* TASK TO COMPLETE *
Your answer must be an exact copy of the records below, with every picture left out.

[Source records]

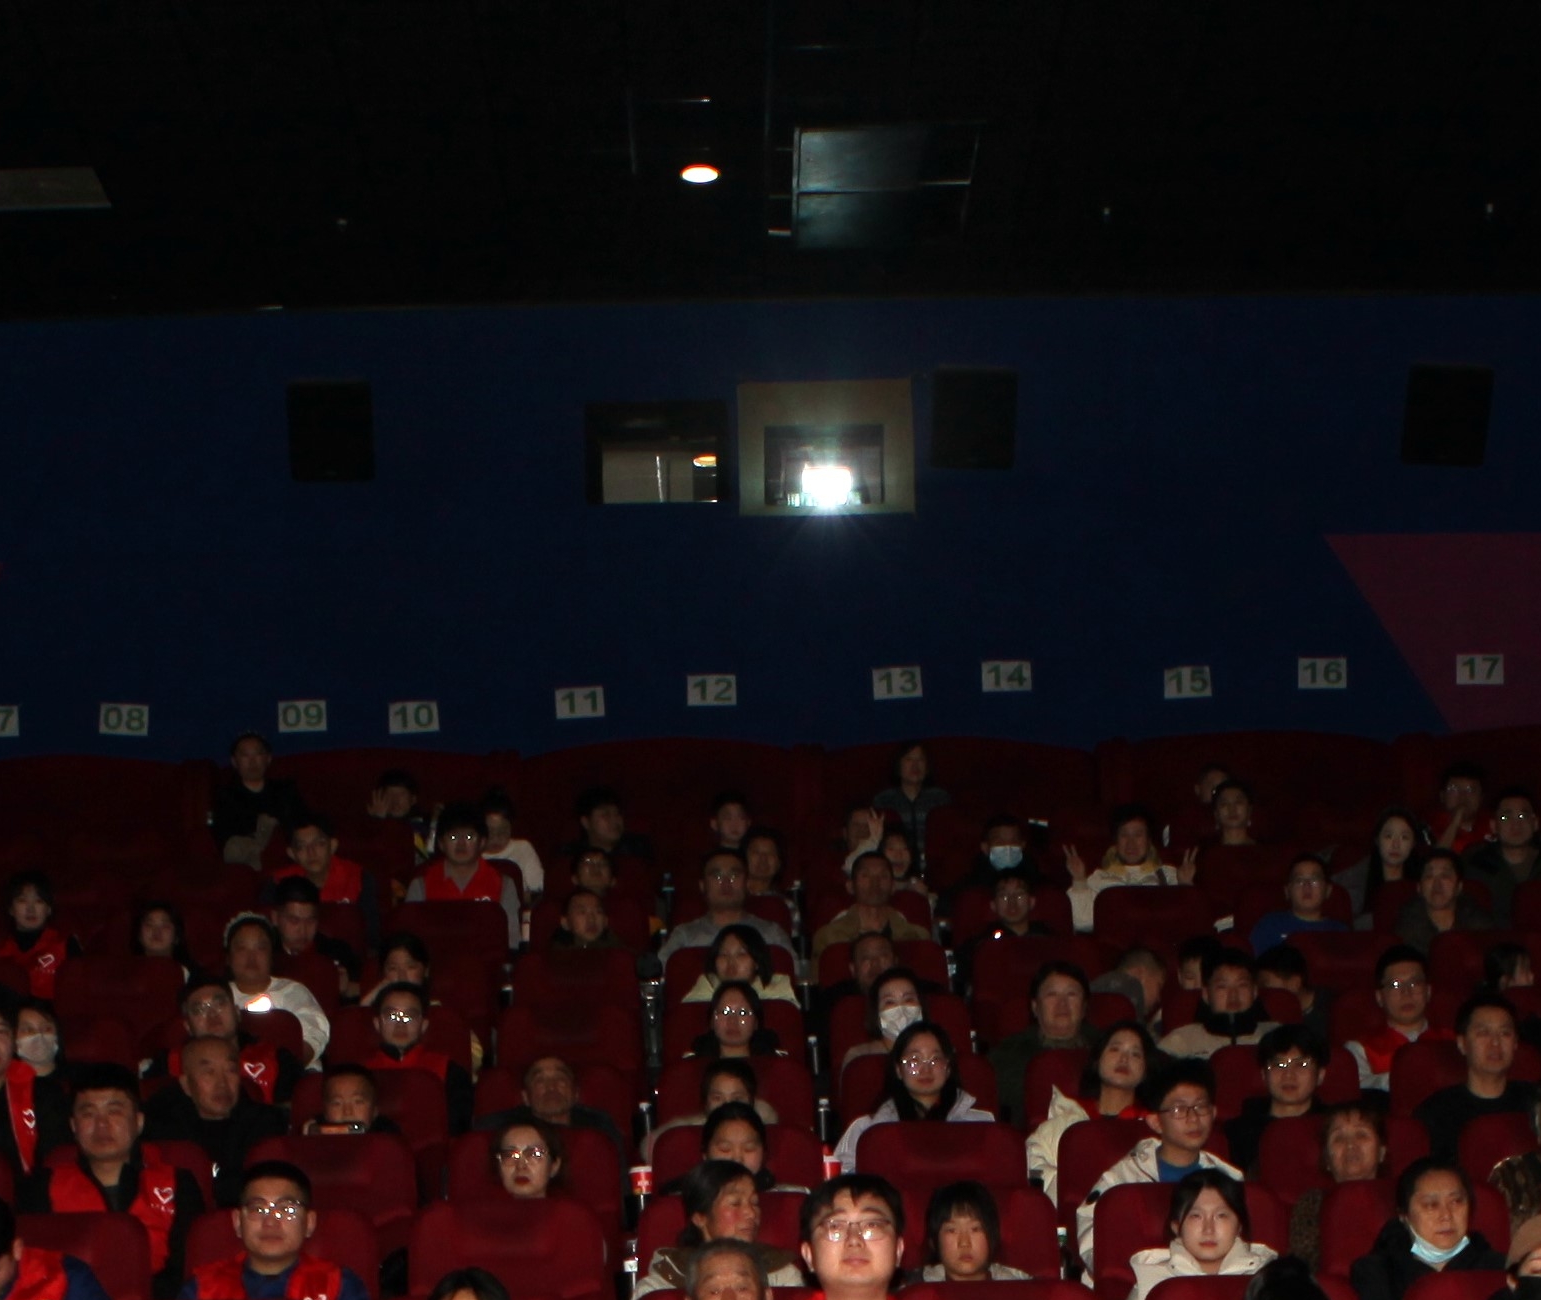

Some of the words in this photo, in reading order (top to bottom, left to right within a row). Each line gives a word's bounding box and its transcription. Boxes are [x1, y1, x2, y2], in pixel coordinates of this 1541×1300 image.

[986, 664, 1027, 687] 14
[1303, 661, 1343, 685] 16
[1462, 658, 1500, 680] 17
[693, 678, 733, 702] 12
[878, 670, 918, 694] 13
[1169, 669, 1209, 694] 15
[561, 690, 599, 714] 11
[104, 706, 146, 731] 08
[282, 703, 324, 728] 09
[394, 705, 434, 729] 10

* EXERCISE OUTPUT *
Some of the words in this photo, in reading order (top to bottom, left to right within a row). Each line gives a word's bounding box and its transcription. Boxes are [x1, y1, x2, y2], in pixel coordinates of this 1541×1300 image.

[986, 664, 1027, 687] 14
[1303, 661, 1343, 685] 16
[1462, 658, 1500, 680] 17
[693, 678, 733, 702] 12
[878, 670, 918, 694] 13
[1169, 669, 1209, 694] 15
[561, 690, 599, 714] 11
[104, 706, 146, 731] 08
[282, 703, 324, 728] 09
[394, 705, 434, 729] 10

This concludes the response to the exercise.